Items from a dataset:
--
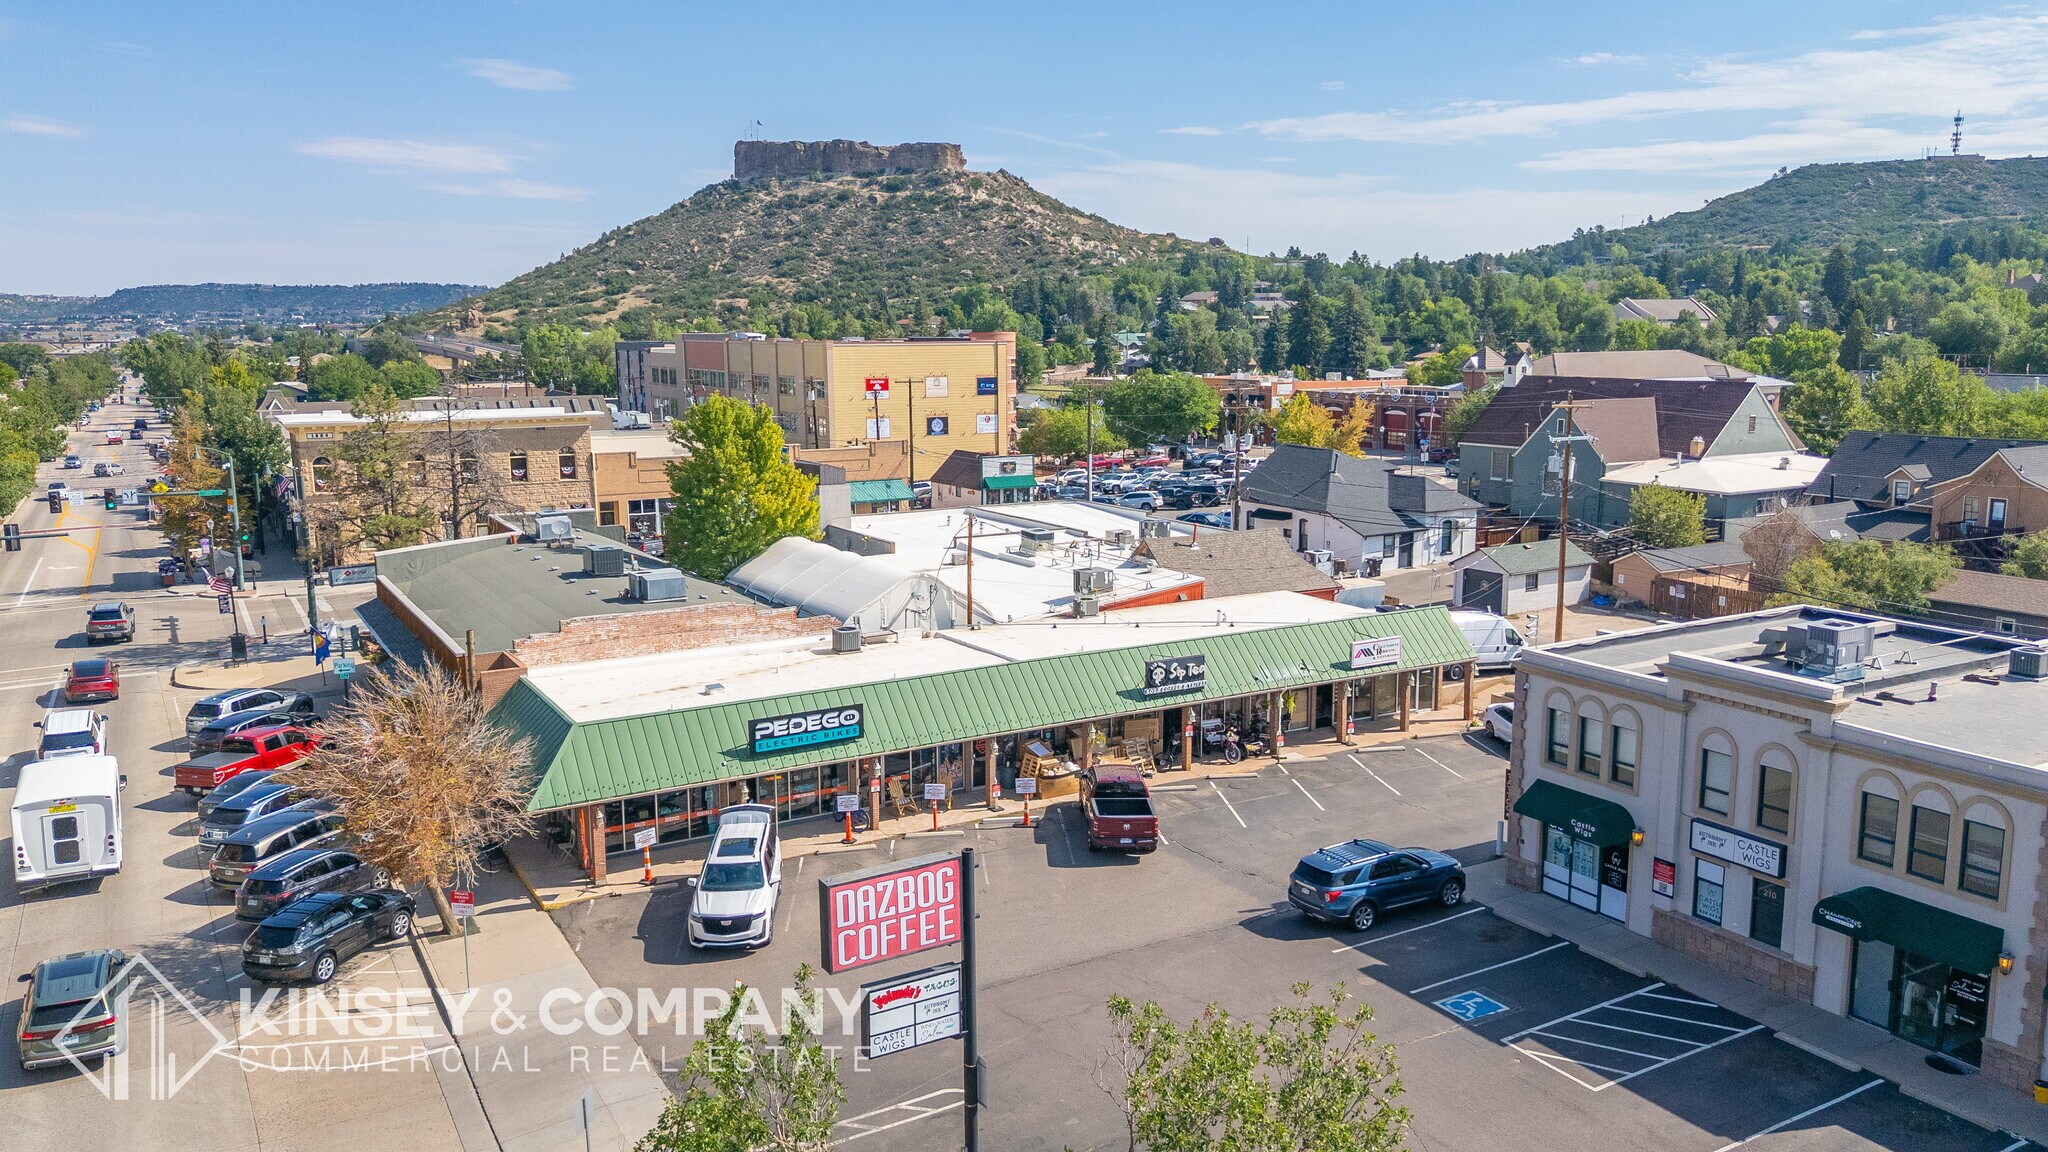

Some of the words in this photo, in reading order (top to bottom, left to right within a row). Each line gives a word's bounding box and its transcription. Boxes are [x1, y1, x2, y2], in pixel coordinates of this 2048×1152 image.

[334, 662, 355, 670] Parking
[1169, 662, 1187, 681] Sip
[755, 709, 860, 740] PEDEGO
[758, 731, 818, 750] ELECTRIC
[824, 727, 858, 739] BIKES
[1571, 818, 1596, 833] Castle
[1574, 826, 1592, 838] Wigs
[1707, 839, 1717, 848] INK
[1737, 839, 1778, 861] CASTLE
[1742, 851, 1771, 870] WIGS
[835, 866, 954, 929] DAZBOG
[1763, 888, 1777, 900] 210
[1818, 907, 1862, 929] CHAMPIONS
[837, 903, 956, 966] COFFEE
[872, 985, 922, 1010] Yolanda's
[923, 998, 952, 1011] AUTONOMY
[873, 1027, 911, 1046] CASTLE
[920, 1024, 944, 1041] Salon
[878, 1039, 906, 1054] WIGS
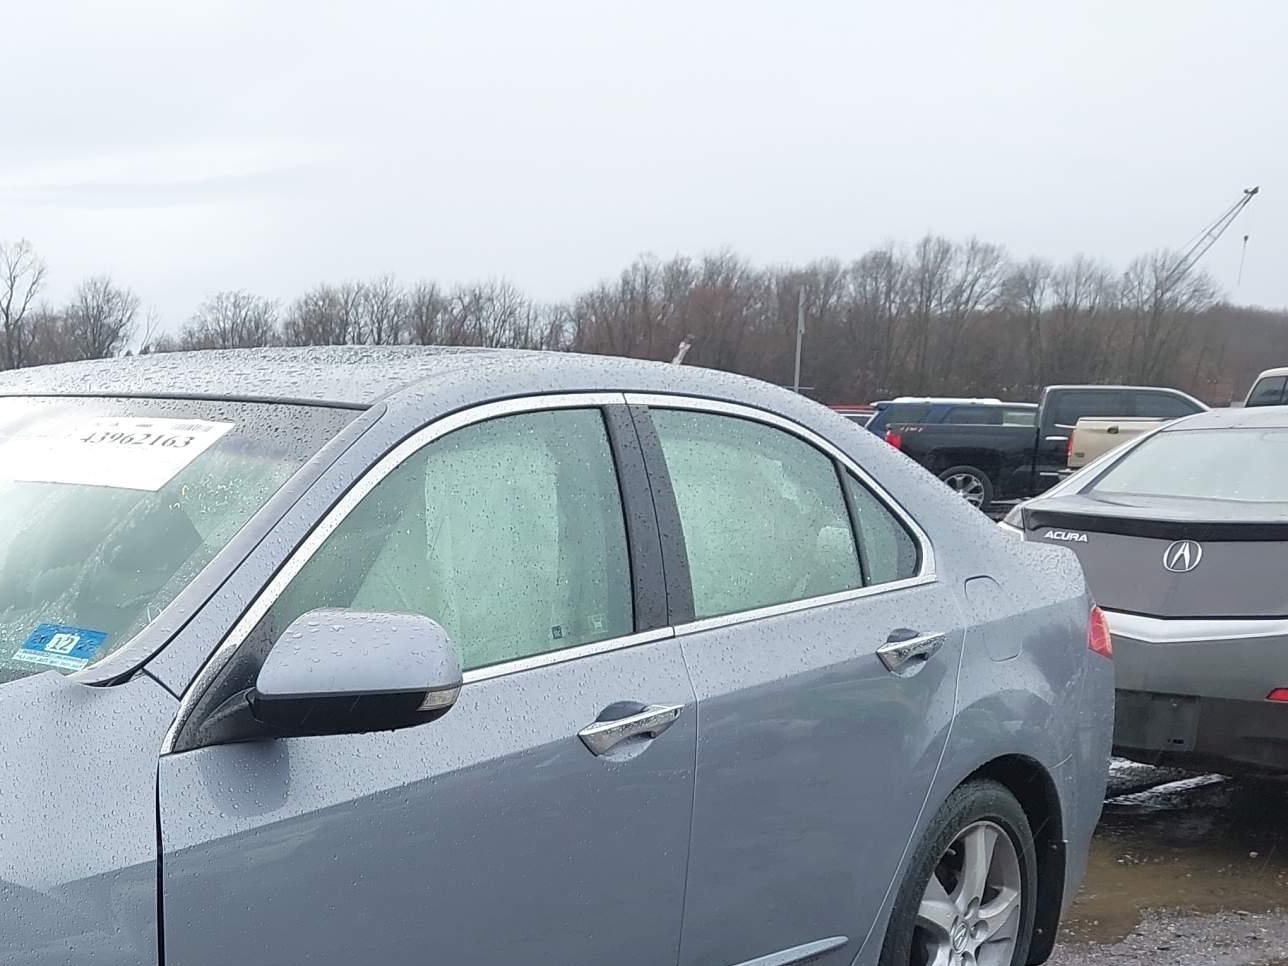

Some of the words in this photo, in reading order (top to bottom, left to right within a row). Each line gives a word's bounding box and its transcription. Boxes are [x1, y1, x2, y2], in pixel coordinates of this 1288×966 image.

[80, 432, 196, 448] 43962163
[1044, 530, 1088, 542] ACURA
[51, 636, 75, 651] 12
--
▸ **How to complete this task**
Give every line of the data above again as it stands; the pictures stay out.

▸ **Task result**
Some of the words in this photo, in reading order (top to bottom, left to right within a row). Each line gives a word's bounding box and its transcription. Boxes are [x1, y1, x2, y2], in pixel coordinates of this 2048×1152 image.

[334, 662, 355, 670] Parking
[1169, 662, 1187, 681] Sip
[755, 709, 860, 740] PEDEGO
[758, 731, 818, 750] ELECTRIC
[824, 727, 858, 739] BIKES
[1571, 818, 1596, 833] Castle
[1574, 826, 1592, 838] Wigs
[1707, 839, 1717, 848] INK
[1737, 839, 1778, 861] CASTLE
[1742, 851, 1771, 870] WIGS
[835, 866, 954, 929] DAZBOG
[1763, 888, 1777, 900] 210
[1818, 907, 1862, 929] CHAMPIONS
[837, 903, 956, 966] COFFEE
[872, 985, 922, 1010] Yolanda's
[923, 998, 952, 1011] AUTONOMY
[873, 1027, 911, 1046] CASTLE
[920, 1024, 944, 1041] Salon
[878, 1039, 906, 1054] WIGS

Some of the words in this photo, in reading order (top to bottom, left to right within a row). Each line gives a word's bounding box and its transcription. Boxes are [x1, y1, x2, y2], in pixel coordinates of this 1288×966 image.

[80, 432, 196, 448] 43962163
[1044, 530, 1088, 542] ACURA
[51, 636, 75, 651] 12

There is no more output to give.